Le 13 janvier 1898, la lettre d’Émile Zola au président Félix Faure faisait la une du journal L’Aurore et marquait l’Histoire. On souhaite à la lettre de Yann Moix adressée à Emmanuel Macron dans le quotidien Libération, lundi 22 janvier, la même postérité.

Dans cette longue missive, l’écrivain et chroniqueur de l’émission "On n’est pas couché" désigne Emmanuel Macron comme le seul responsable des violences dont sont victimes ceux qu’on appelle communément "les migrants de Calais". À l’endroit où Émile Zola "accusait", Yann Moix "affirme":

"J’affirme, M. le Président, que vous laissez perpétrer à Calais des actes criminels envers les exilés. Je l’ai vu et je l’ai filmé.

J’affirme, M. le Président, que des fonctionnaires de la République française frappent, gazent, caillassent, briment, humilient des adolescents, des jeunes femmes et des jeunes hommes dans la détresse et le dénuement.
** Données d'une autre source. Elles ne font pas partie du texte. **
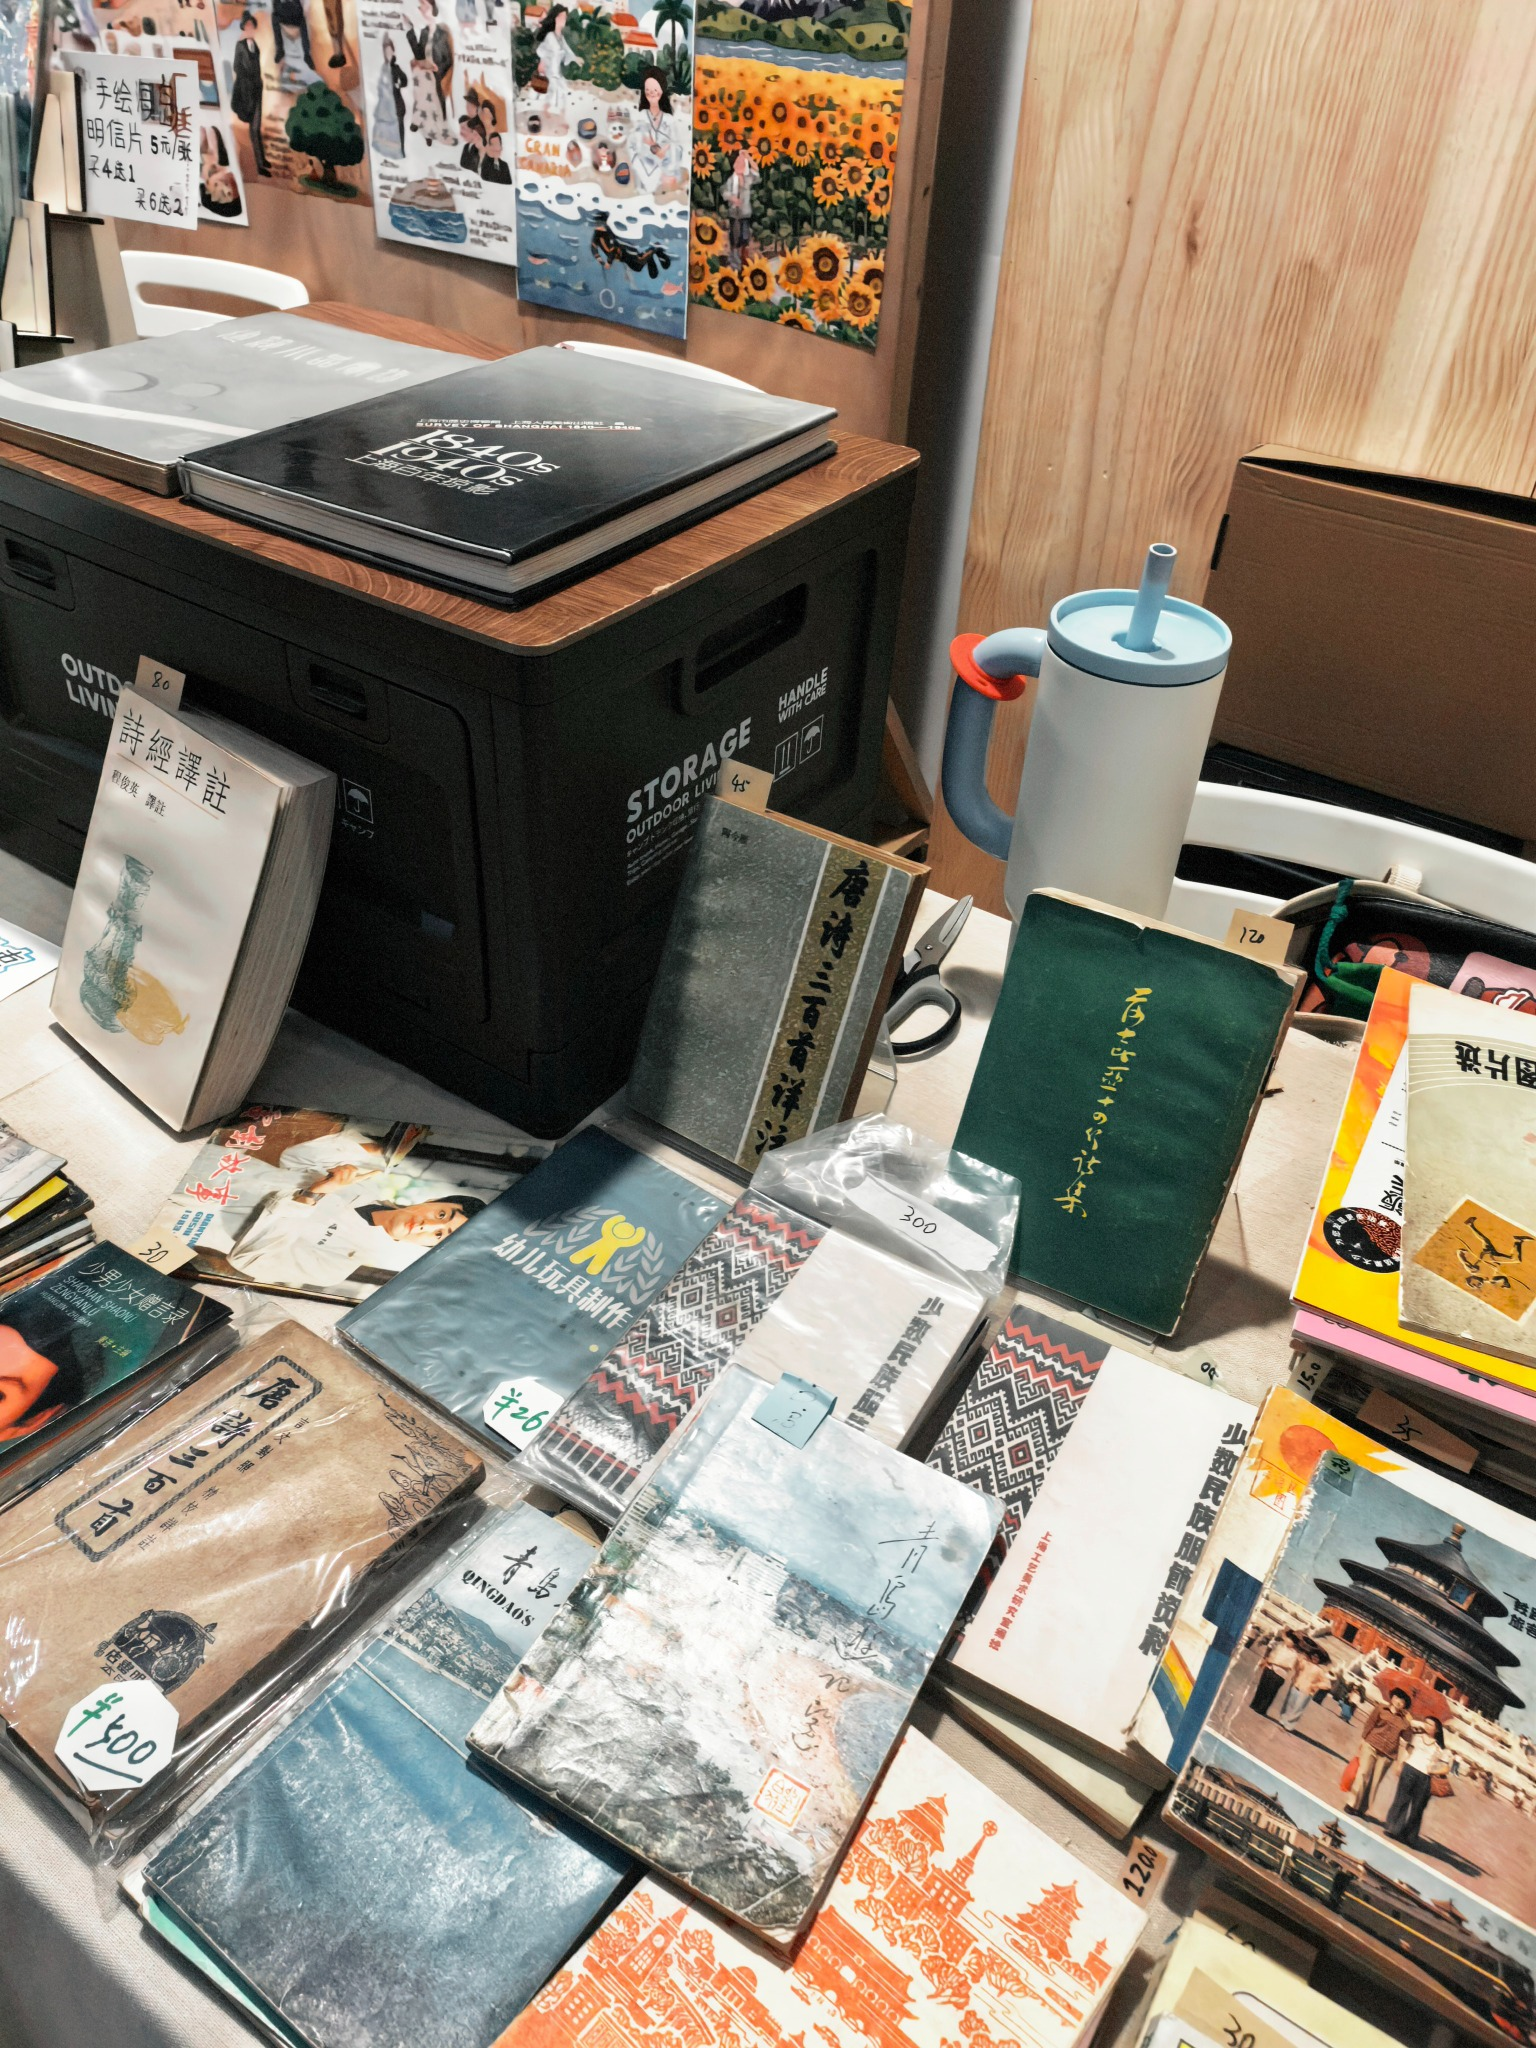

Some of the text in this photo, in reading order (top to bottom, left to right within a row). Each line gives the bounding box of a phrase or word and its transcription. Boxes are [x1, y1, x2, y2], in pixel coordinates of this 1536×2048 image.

Je l’ai vu et je l’ai filmé.

J’affirme, M. le Président, que des exilés non seulement innocents, mais inoffensifs, subissent sur notre territoire des atteintes aux droits fondamentaux de la personne. Je l’ai vu et je l’ai filmé."

Le chroniqueur s’est rendu dans la ville côtière du nord de la France où s’entassent des milliers de migrants qui espèrent rejoindre l’Angleterre, pour un documentaire baptisé "Re-calais". Il en a ramené des images et des témoignages saisissants dont le journal publie quelques extraits en illustration.

"Saccages d’abris, confiscations ­d’effets personnels, pulvérisation de sacs de couchage, entraves à l’aide humanitaire." Pour l’écrivain le seul responsable de ses "actes de barbarie", c’est Emmanuel Macron : "Je ne m’en prendrai ici qu’à vous. Et à vous seul."

"Quand un policier, individuellement, ­dépasse les bornes, on appelle cela une bavure. Quand des brigades entières, groupées, dépassent les bornes, on ­appelle cela un protocole. Vous avez ­instauré à Calais, monsieur le Président, un protocole de la bavure."

"La postérité portera plainte ­contre vous pour infamie"

Président "indigne", "lâche", à la parole "fausse" qui "humili[e] la France"… aucun mot ne semble assez fort pour rendre compte de sa colère à l’encontre du chef de l’État.

"Ces associations, monsieur le Président, font non seulement le travail que vous ne faites pas, mais également le travail que vous défaites. Quant à votre promesse de prendre en charge la nourriture, elle n’est pas généreuse  : elle est élémentaire. Vous nous vendez comme un progrès la fin d’une aberration."

L’année dernière Emmanuel Macron provoquait la colère de la droite en qualifiant la colonisation de "crime contre l’humanité", une sortie que l’écrivain n’a pas oublié :

"La colonisation en Algérie, monsieur le Président, vous apparut un jour comme un 'crime contre l’humanité'. Ne prenez pas la peine de vous ­rendre si loin dans l’espace et dans le temps, quand d’autres atrocités sont commises ici et maintenant, sous votre présidence. Sous votre responsabilité."

Si à ce jour l’Élysée n’a toujours pas réagi, l’écrivain prévient en conclusion : "Vous pouvez porter plainte contre moi pour ­diffamation  ; la postérité portera plainte ­contre vous pour infamie."